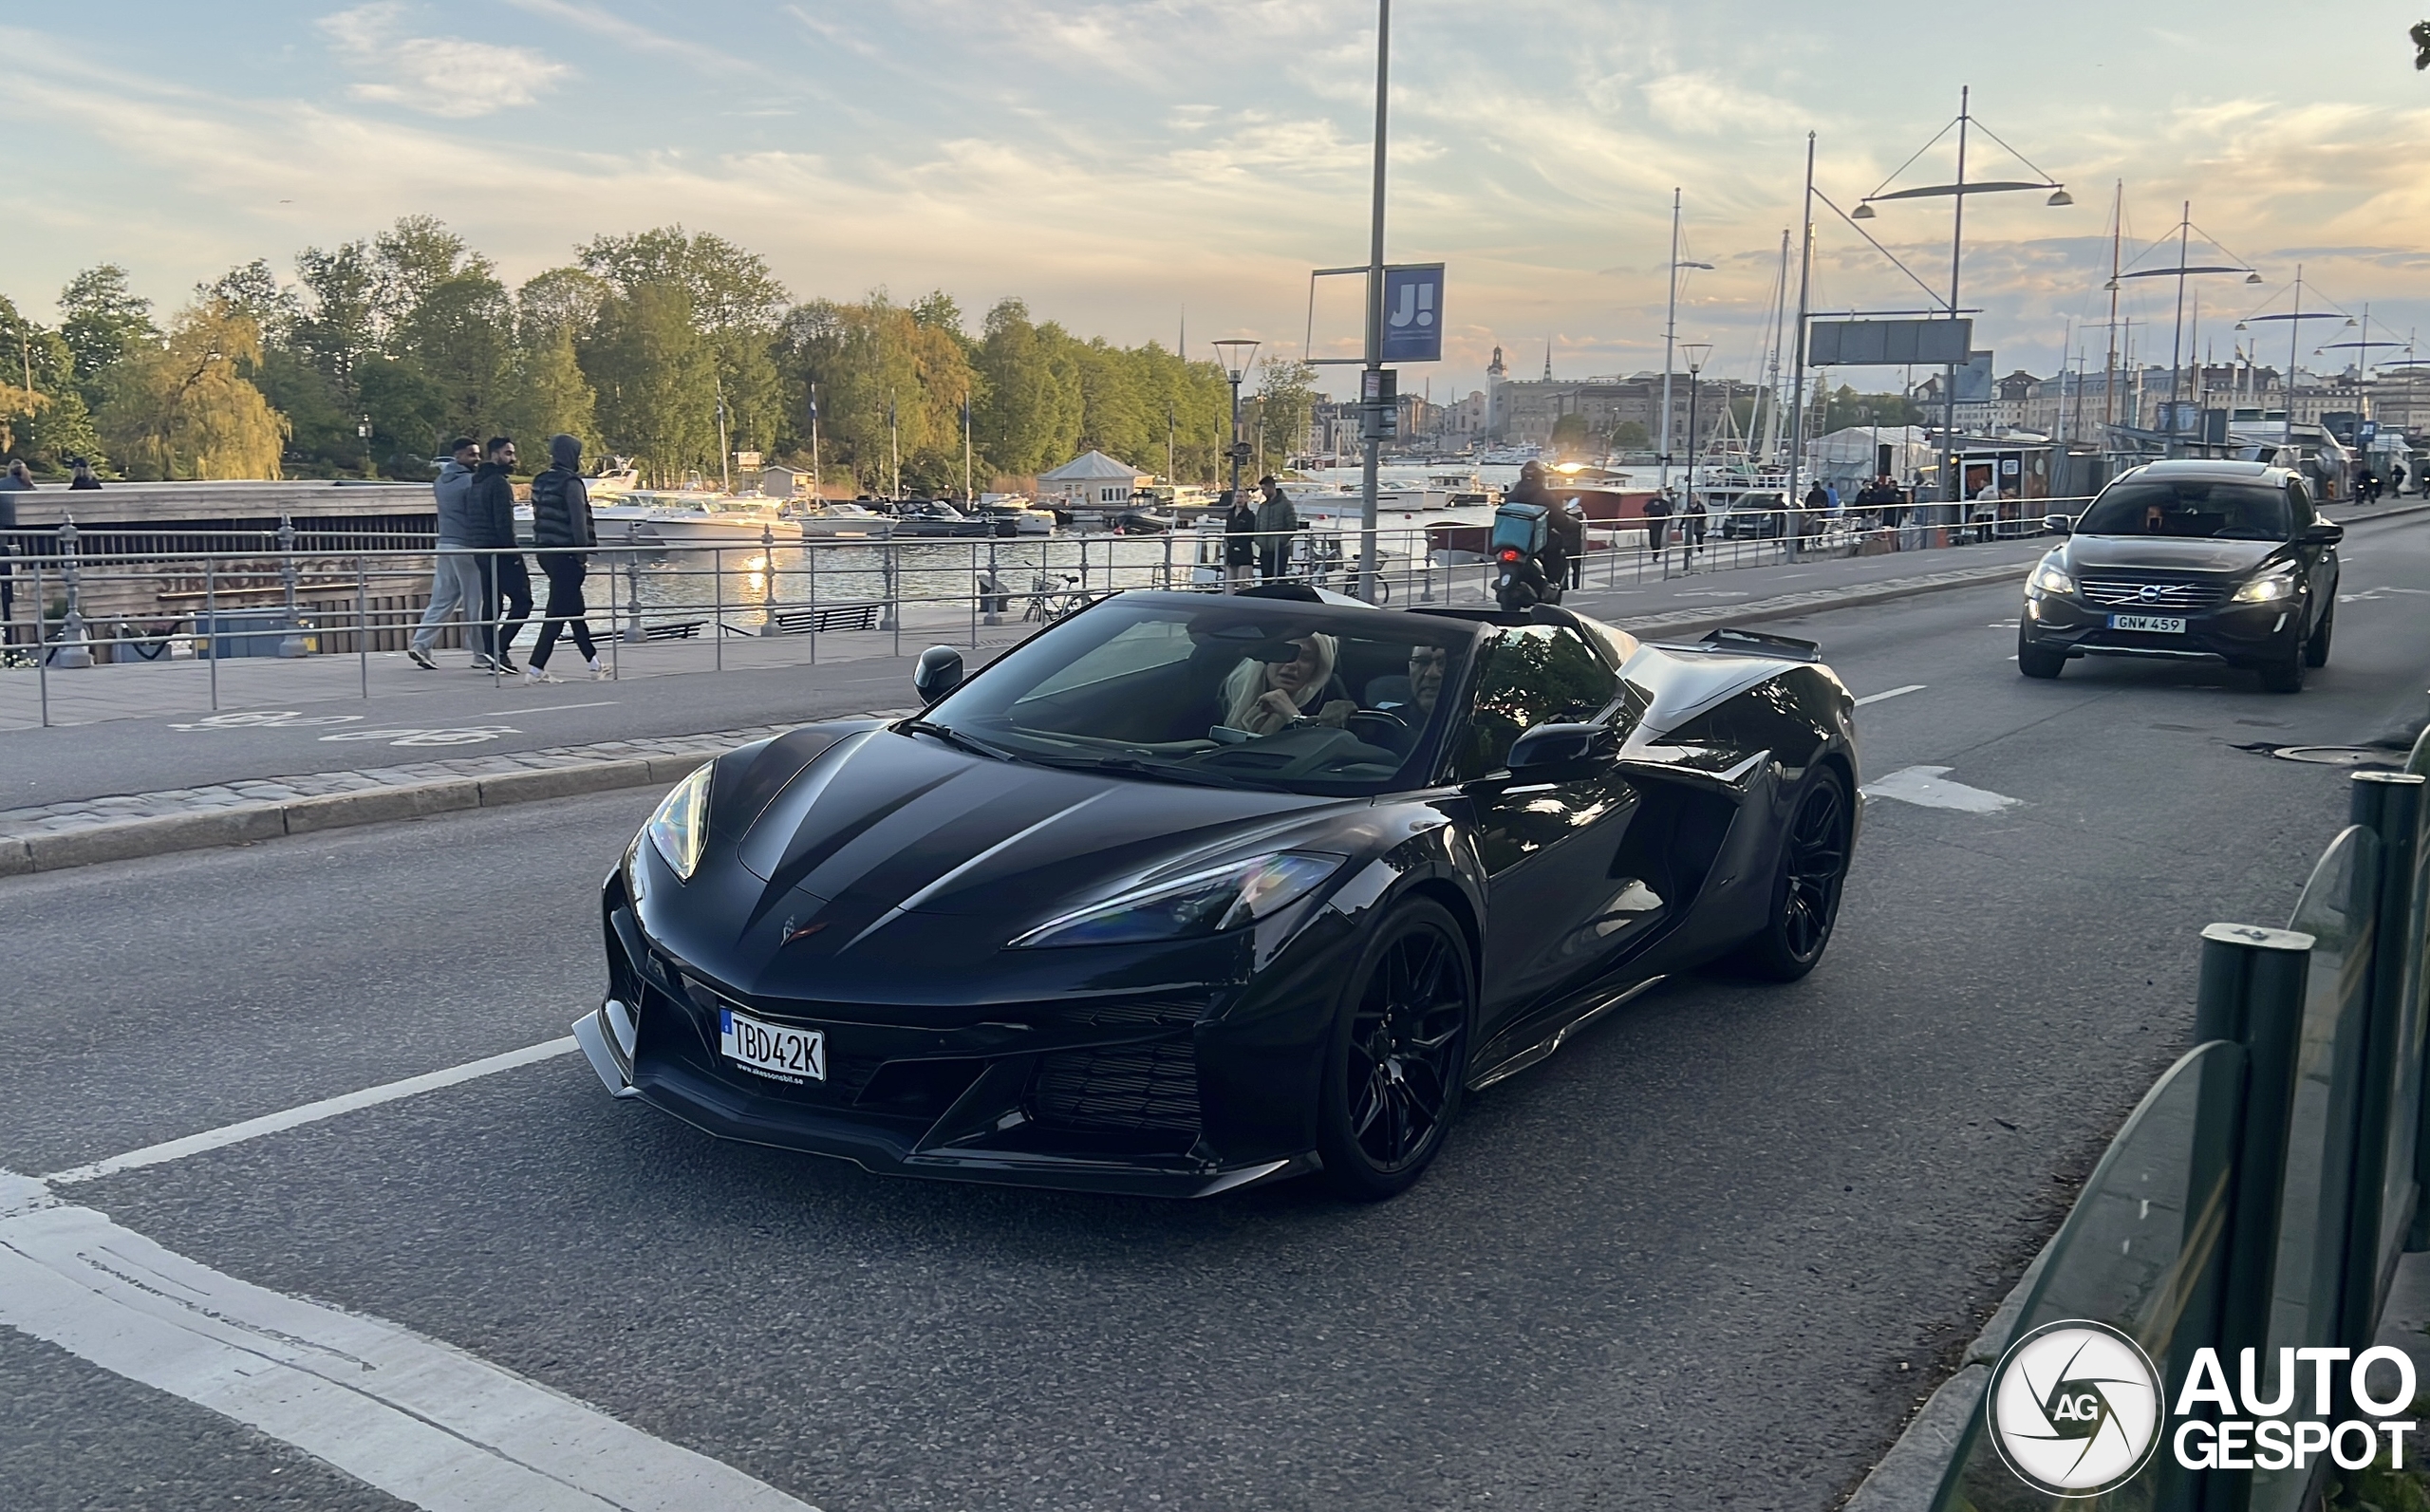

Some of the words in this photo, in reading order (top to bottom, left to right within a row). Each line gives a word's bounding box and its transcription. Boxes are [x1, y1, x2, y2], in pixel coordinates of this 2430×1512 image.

[1389, 283, 1434, 327] J!
[2119, 616, 2147, 629] GNW
[2150, 618, 2179, 631] 459
[733, 1018, 820, 1074] TBD42K

########

▸ **Task prompt**
Please retype the whole listing above word for word and drop the pictures.

▸ **Output**
Some of the words in this photo, in reading order (top to bottom, left to right within a row). Each line gives a word's bounding box and its transcription. Boxes are [x1, y1, x2, y2], in pixel coordinates of this 2430×1512 image.

[1389, 283, 1434, 327] J!
[2119, 616, 2147, 629] GNW
[2150, 618, 2179, 631] 459
[733, 1018, 820, 1074] TBD42K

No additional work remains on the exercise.